── RECORDS PROVIDED
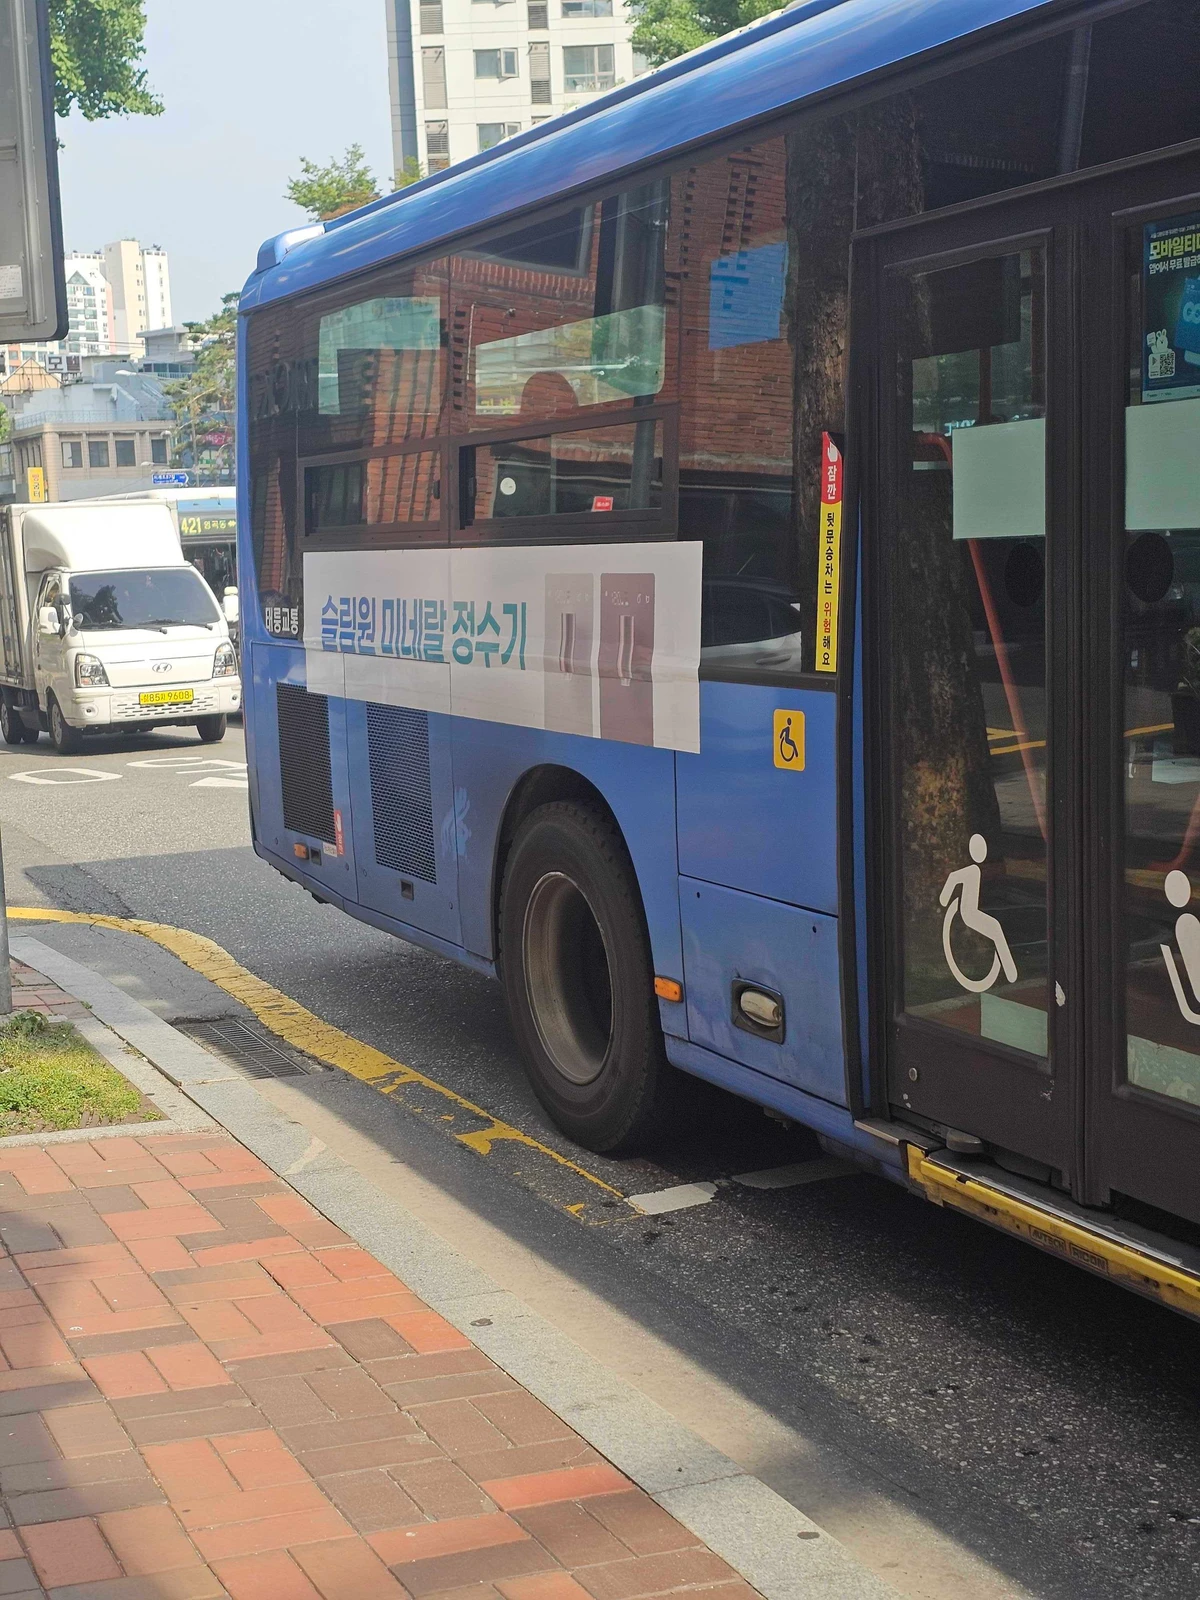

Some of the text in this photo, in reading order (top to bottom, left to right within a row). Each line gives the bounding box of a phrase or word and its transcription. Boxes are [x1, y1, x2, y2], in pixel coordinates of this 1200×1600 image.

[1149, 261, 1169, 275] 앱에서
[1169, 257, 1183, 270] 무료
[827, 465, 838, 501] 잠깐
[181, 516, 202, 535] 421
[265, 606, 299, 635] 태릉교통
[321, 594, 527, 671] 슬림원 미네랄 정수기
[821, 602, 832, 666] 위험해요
────
[AIM OF THE EXERCISE] I'd like every record printed exactly, with the pictures left out.

[ANSWER BOX]
Some of the text in this photo, in reading order (top to bottom, left to right within a row). Each line gives the bounding box of a phrase or word and its transcription. Boxes are [x1, y1, x2, y2], in pixel coordinates of this 1200×1600 image.

[1149, 261, 1169, 275] 앱에서
[1169, 257, 1183, 270] 무료
[827, 465, 838, 501] 잠깐
[181, 516, 202, 535] 421
[265, 606, 299, 635] 태릉교통
[321, 594, 527, 671] 슬림원 미네랄 정수기
[821, 602, 832, 666] 위험해요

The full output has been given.